For all the talk about getting rid of evolution in schools, I've always found it interesting that conservatives are fond of "Social Darwinism". The founder of this concept was a British philosopher named Herbert Spencer. The phrase "Survival of the Fittest", normally associated with biological evolution, was actually coined by Spencer in 1852, seven years before Darwin's "Origin of Species". Spencer was so intrigued by Darwin's work that he expanded his writings into a comprehensive economic theory. This economic theory should sound very familiar:
- "Society advances where its fittest members are allowed to assert their fitness with the least hindrance".
- On the other hand, the unfit should not be prevented from dying out.
- So, what kind of civilization is "fit?" His, of course. England and other "advanced" nations.
- Government has but two purposes - to defend the nation against foreign invasion, and to protect people and their property from criminals.
- Government should not help the poor. That only encourages laziness and vice.
- Public education is a bad idea, too, since it forces people to pay for others' education.
- All public regulation, including health laws, sanitation laws, housing laws, etc., interferes with the right of property owners, and therefore should be eliminated.
- Most taxation is merely confiscation of wealth, and therefore inhibits the natural evolution of society.
- Spencer's a 100% free trader, of course. If we remove all regulation, monopolies won't happen because of natual competition, and if companies did terrible things (like, say, sell meat infected with e. coli or mad cow disease), nobody would buy their products again, so they'd go out of business.
- Labor laws both infringe upon employers' rights and on the rights of the individual worker to negotiate individually with the employer.
My source for all this is the Consitutional Rights Foundation,
http://www.crf-usa.org/bria/bria19_2b.htm.
Spencer's ideas were adopted by two different groups, or maybe they weren't so different after all: the businessmen and politicians who created the "Gilded Age" of the robber barons, and supremacist groups in Europe and the U.S.
Bruce Springsteen has said that "Nobody wins unless everybody wins." That's the basis of liberal economic theory, isn't it?
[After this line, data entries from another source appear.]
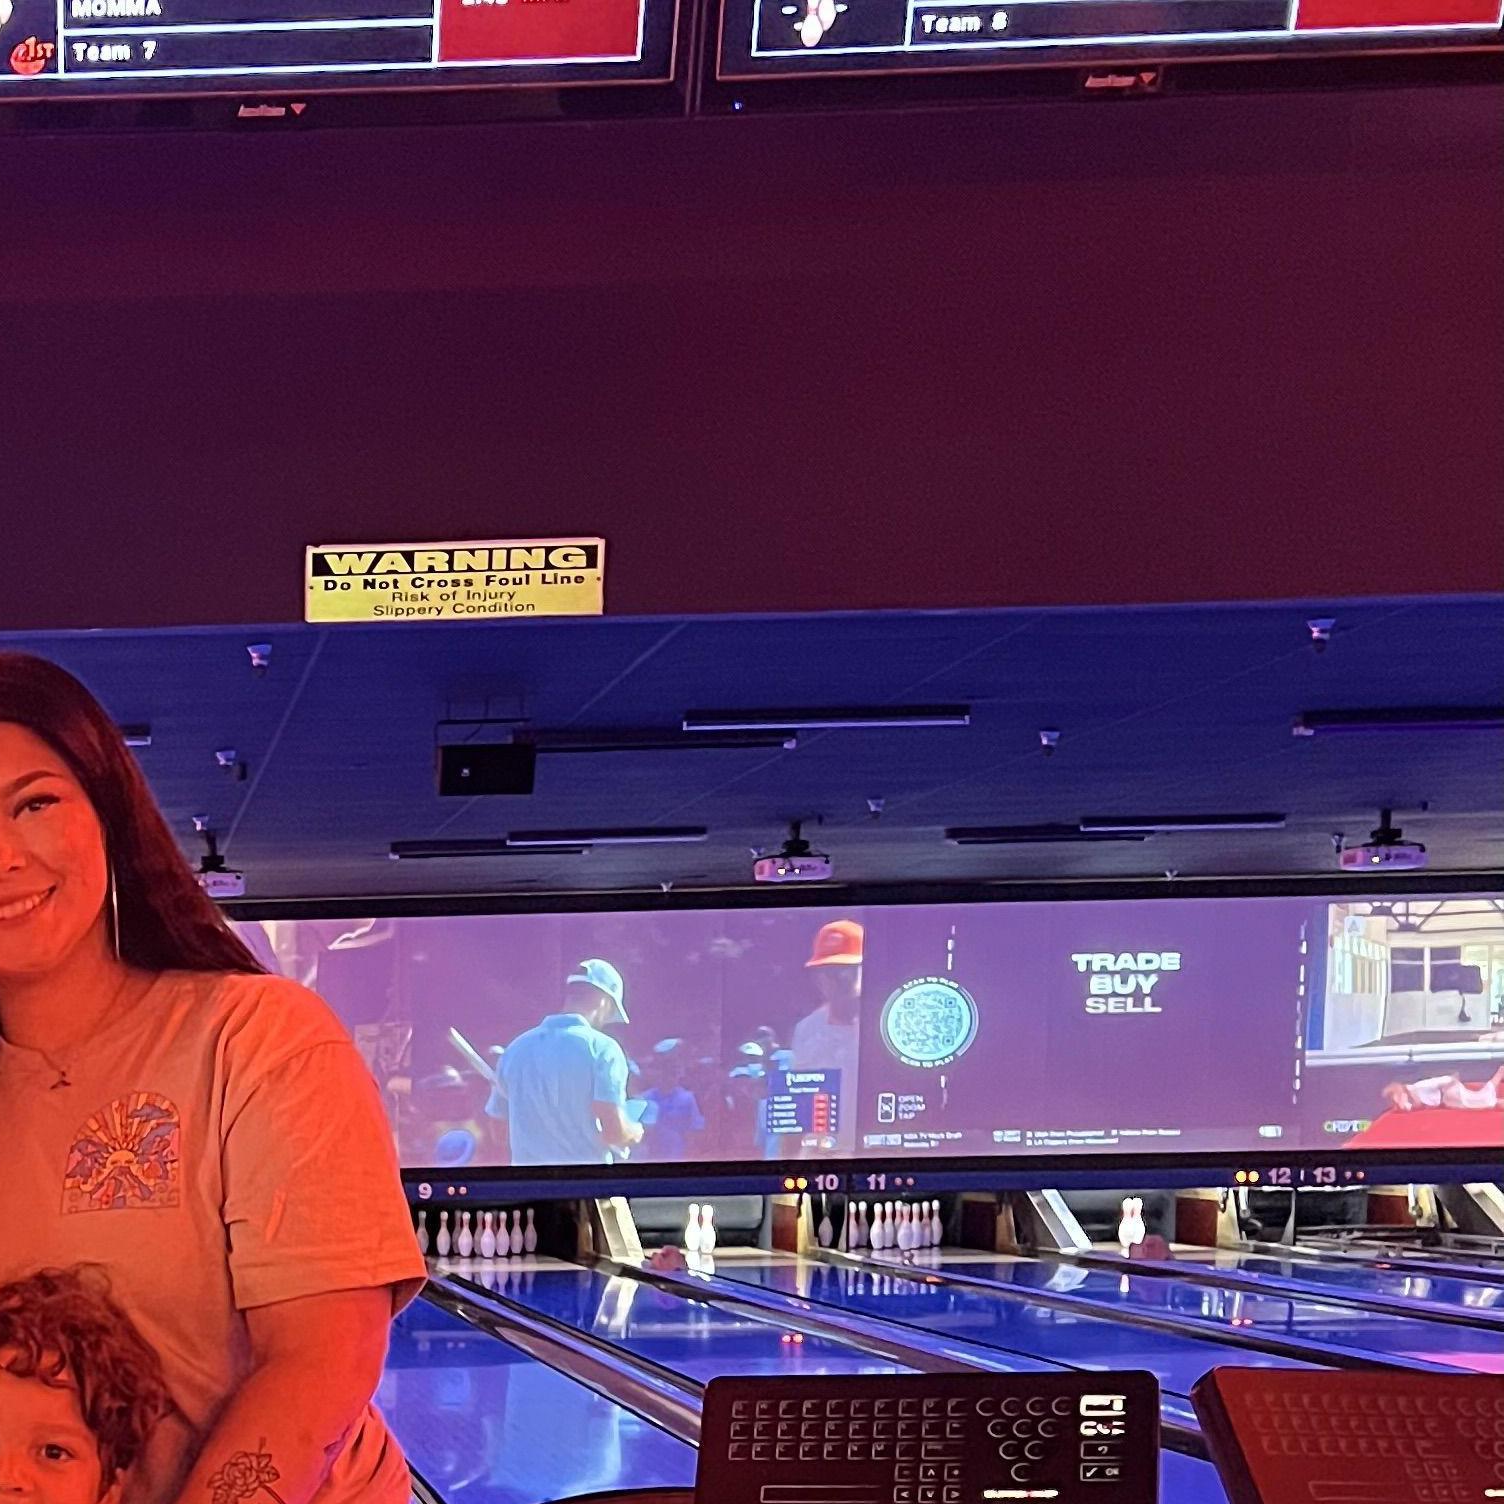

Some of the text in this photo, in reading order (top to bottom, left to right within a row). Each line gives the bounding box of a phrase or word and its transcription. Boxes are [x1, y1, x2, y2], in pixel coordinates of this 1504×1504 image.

[921, 14, 981, 34] Team
[73, 40, 159, 62] Team 7
[323, 546, 587, 575] WARNING
[323, 573, 585, 591] Do Not Cross Foul Line
[392, 589, 517, 603] Risk of Injury
[373, 602, 536, 617] Slippery Condition
[1071, 952, 1182, 973] TRADE
[1089, 974, 1159, 995] BUY
[1085, 996, 1163, 1014] SELL
[815, 1173, 839, 1191] 10
[866, 1173, 886, 1191] 11
[1268, 1166, 1336, 1184] 12 13
[418, 1182, 433, 1200] 9
Cooperation is actually a good thing, and all are enhanced by it. It's immoral to let people starve or go without life-saving medication. It's immoral to allow companies to poison our air and water. It's immoral to discriminate in housing, employment, etc, or anything else.
Conservative economic theory sneers at this. It's all laissez-faire, survival of the fittest, buisness knows best stuff. When conservatives use the term "Free enterprise", and they do a lot, this is what they're talking about. Don't expect them to win a few battles and rest on their laurels - they want the whole program. Never forget that.